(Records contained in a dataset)
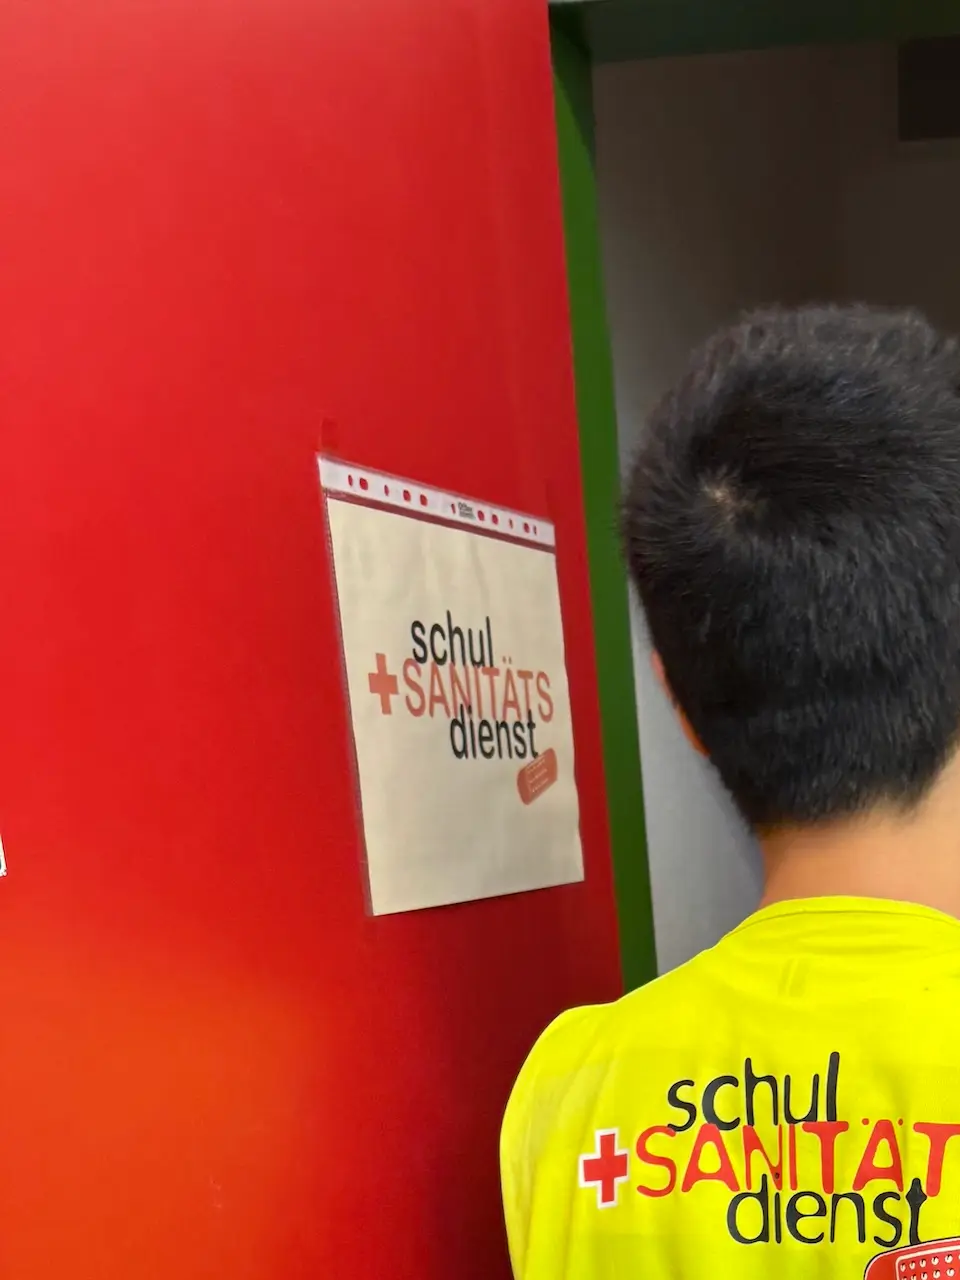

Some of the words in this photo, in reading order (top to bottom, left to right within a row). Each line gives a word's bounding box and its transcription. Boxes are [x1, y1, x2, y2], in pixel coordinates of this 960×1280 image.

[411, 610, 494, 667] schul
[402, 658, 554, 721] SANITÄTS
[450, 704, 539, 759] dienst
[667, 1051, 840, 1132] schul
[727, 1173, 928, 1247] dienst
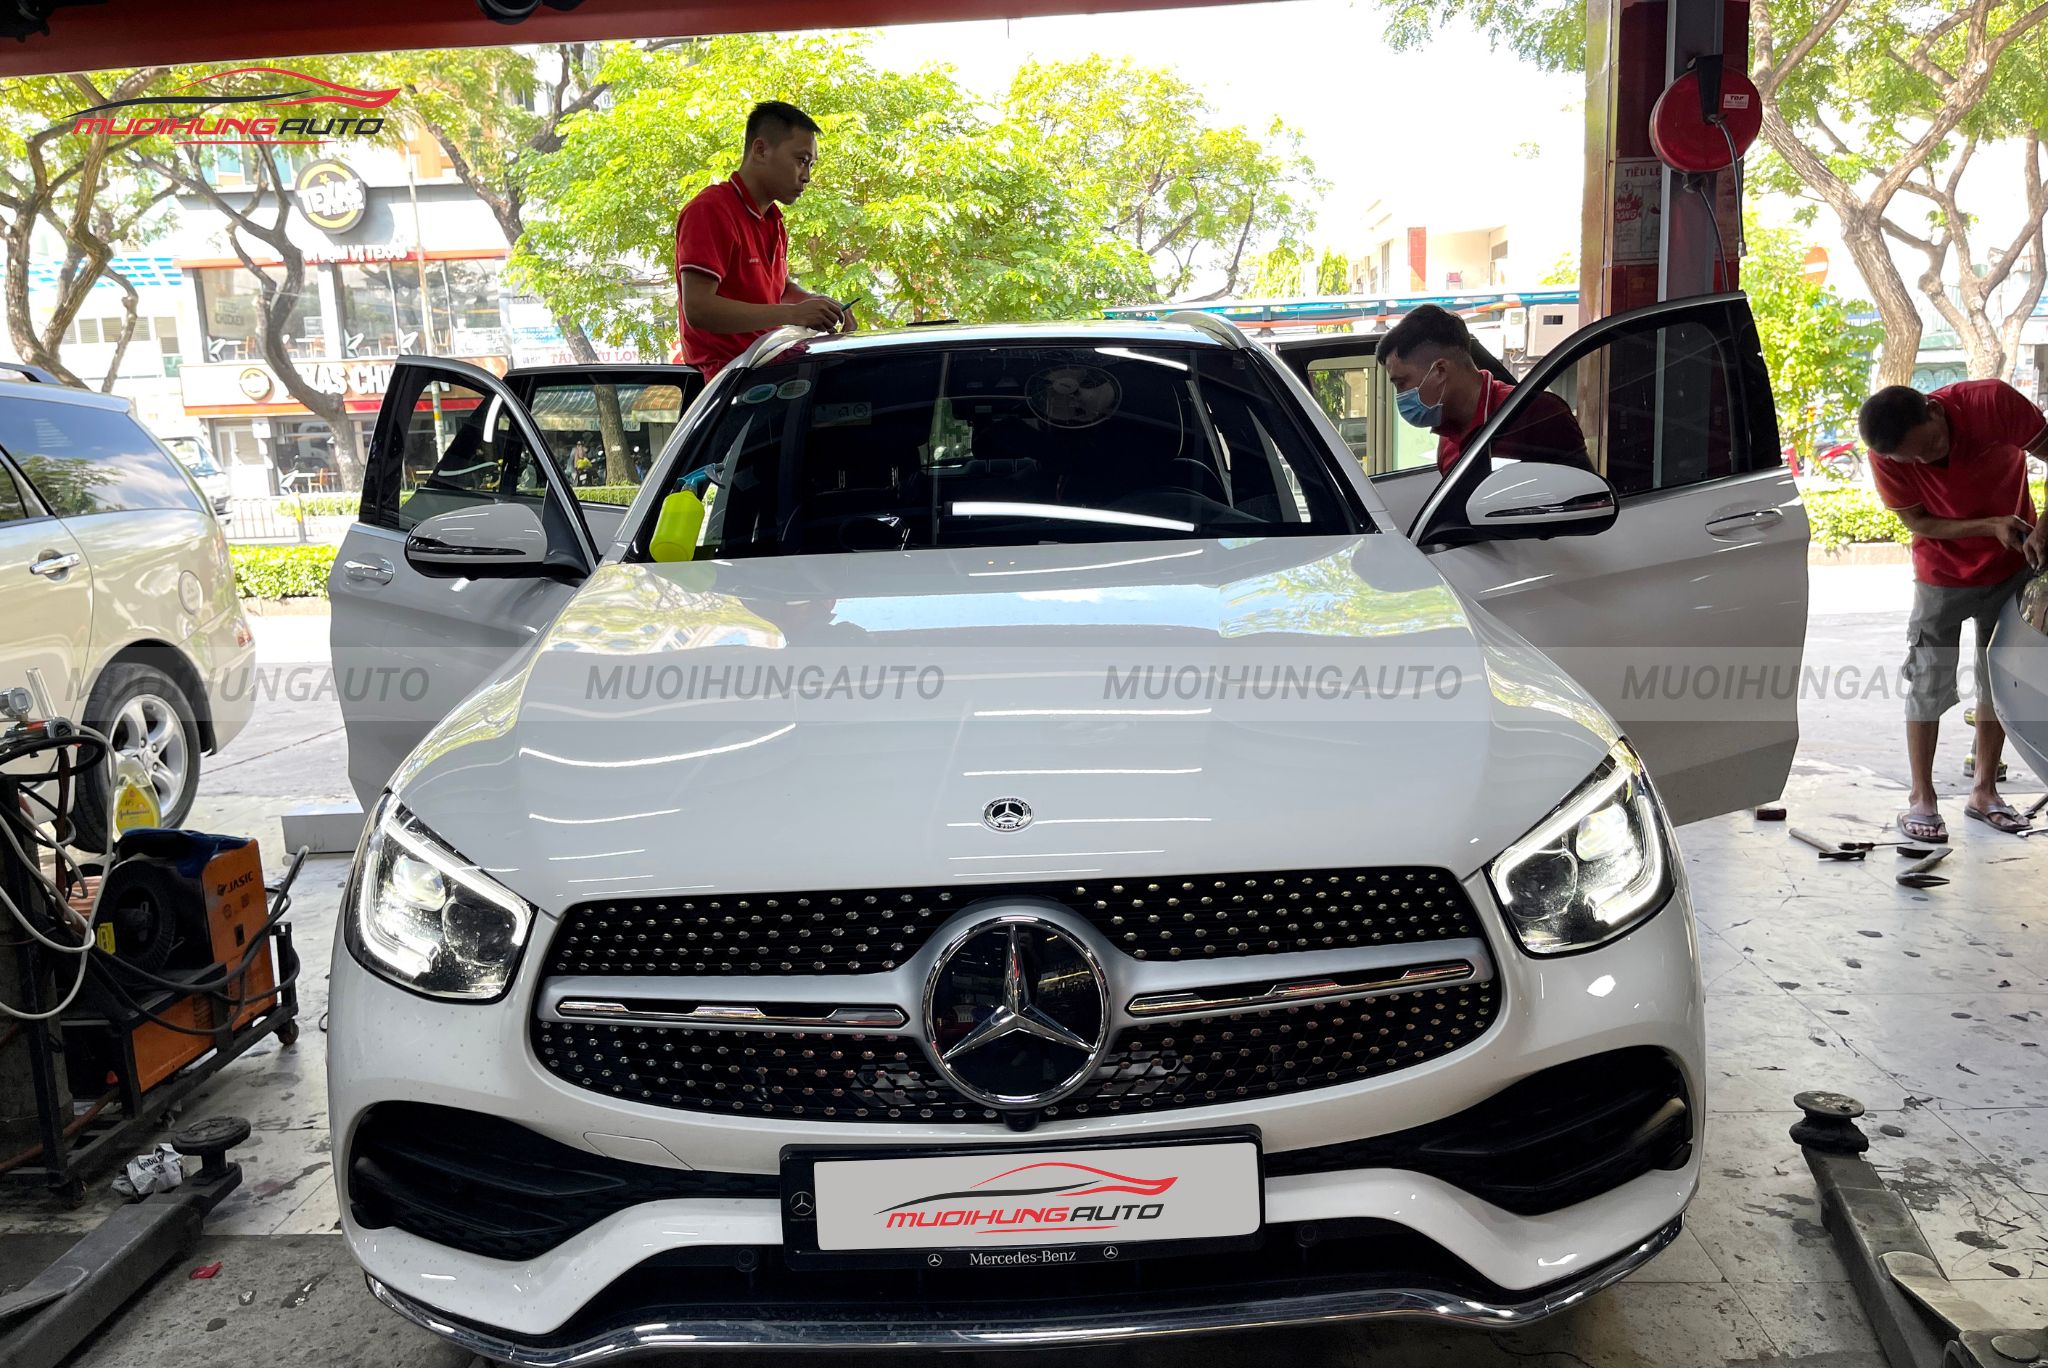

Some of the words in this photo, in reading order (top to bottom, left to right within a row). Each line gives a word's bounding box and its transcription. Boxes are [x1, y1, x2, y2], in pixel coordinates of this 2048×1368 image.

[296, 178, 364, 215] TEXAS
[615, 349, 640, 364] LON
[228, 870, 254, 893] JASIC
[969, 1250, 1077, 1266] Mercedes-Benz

TASK OBJECTIVE:
Output each record verbatim, but skip anything that is a picture.

ANSWER SPACE:
Some of the words in this photo, in reading order (top to bottom, left to right within a row). Each line gives a word's bounding box and its transcription. Boxes are [x1, y1, x2, y2], in pixel coordinates of this 960×1280 image.

[411, 610, 494, 667] schul
[402, 658, 554, 721] SANITÄTS
[450, 704, 539, 759] dienst
[667, 1051, 840, 1132] schul
[727, 1173, 928, 1247] dienst

Some of the words in this photo, in reading order (top to bottom, left to right within a row). Each line gives a word's bounding box and its transcription. Boxes are [x1, y1, x2, y2], in pixel coordinates of this 2048×1368 image.

[296, 178, 364, 215] TEXAS
[615, 349, 640, 364] LON
[228, 870, 254, 893] JASIC
[969, 1250, 1077, 1266] Mercedes-Benz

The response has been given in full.